EXERCISE INSTRUCTIONS ::
Below are some records; copy them word for word and drop the pictures.

SOURCE RECORDS ::

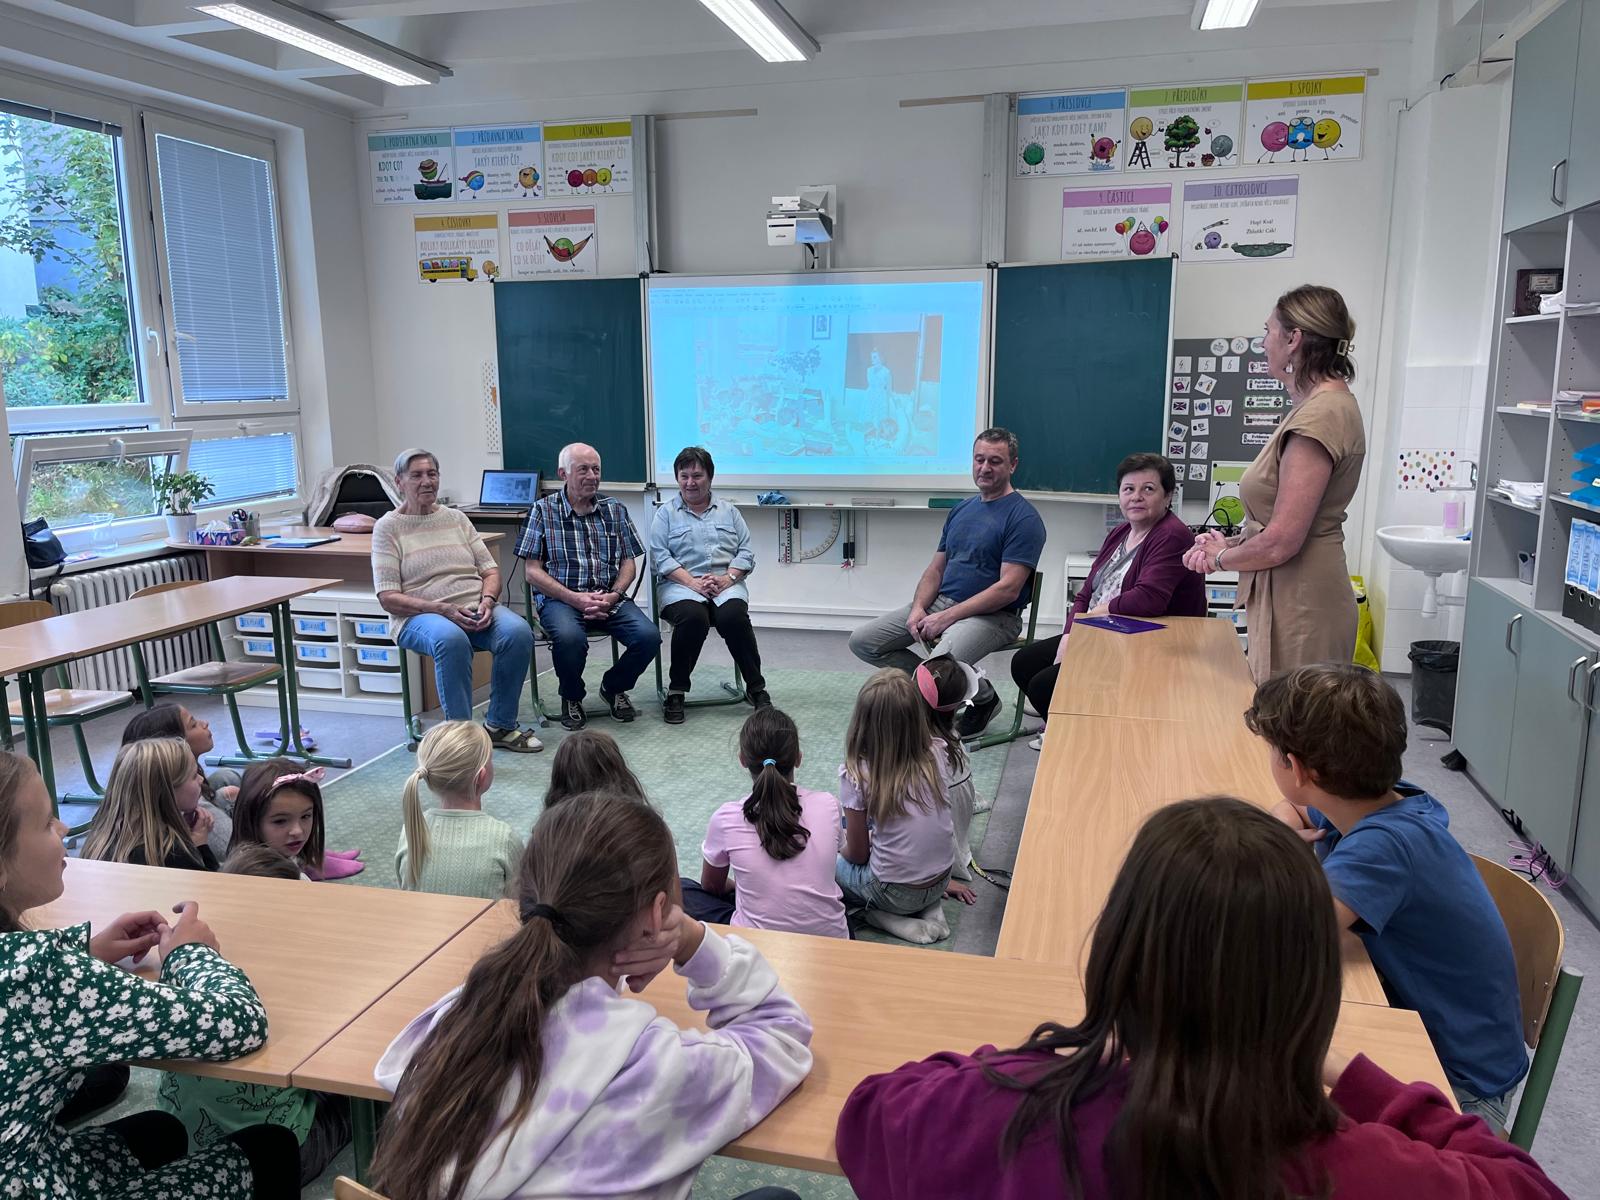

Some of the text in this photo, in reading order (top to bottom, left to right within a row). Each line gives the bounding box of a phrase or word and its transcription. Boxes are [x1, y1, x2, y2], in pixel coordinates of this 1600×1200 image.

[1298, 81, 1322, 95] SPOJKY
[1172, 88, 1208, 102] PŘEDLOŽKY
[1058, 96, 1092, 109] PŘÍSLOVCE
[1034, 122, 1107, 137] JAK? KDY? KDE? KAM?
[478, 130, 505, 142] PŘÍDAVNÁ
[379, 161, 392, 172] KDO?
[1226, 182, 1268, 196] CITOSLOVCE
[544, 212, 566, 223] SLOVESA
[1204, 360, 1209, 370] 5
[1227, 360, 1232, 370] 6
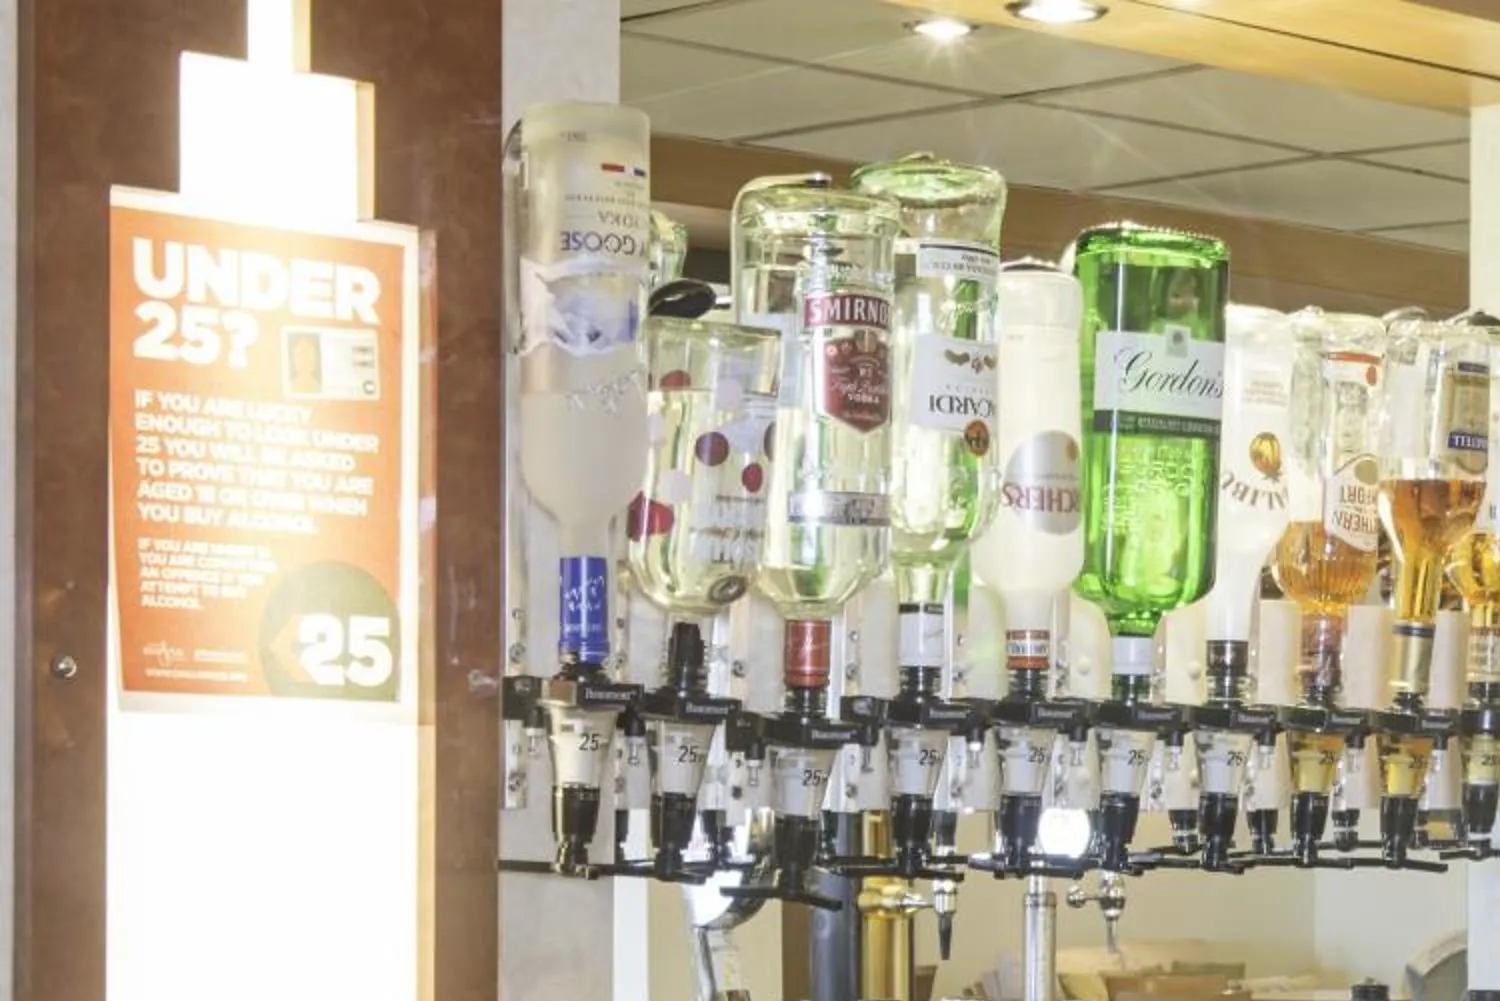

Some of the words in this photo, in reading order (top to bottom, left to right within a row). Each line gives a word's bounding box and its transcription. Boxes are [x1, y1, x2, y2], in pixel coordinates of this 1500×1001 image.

ANSWER TO THIS TASK ::
Some of the text in this photo, in reading order (top to bottom, left to right within a row). Each line gives the bounding box of a phrase or word and its transcription. Boxes are [x1, y1, x2, y2], in pixel coordinates of this 1600×1200 image.

[1298, 81, 1322, 95] SPOJKY
[1172, 88, 1208, 102] PŘEDLOŽKY
[1058, 96, 1092, 109] PŘÍSLOVCE
[1034, 122, 1107, 137] JAK? KDY? KDE? KAM?
[478, 130, 505, 142] PŘÍDAVNÁ
[379, 161, 392, 172] KDO?
[1226, 182, 1268, 196] CITOSLOVCE
[544, 212, 566, 223] SLOVESA
[1204, 360, 1209, 370] 5
[1227, 360, 1232, 370] 6

Some of the words in this photo, in reading order (top to bottom, left to right within a row). Each line gives a word's bounding box and its transcription. Boxes are [x1, y1, x2, y2], in pixel coordinates of this 1500×1001 image.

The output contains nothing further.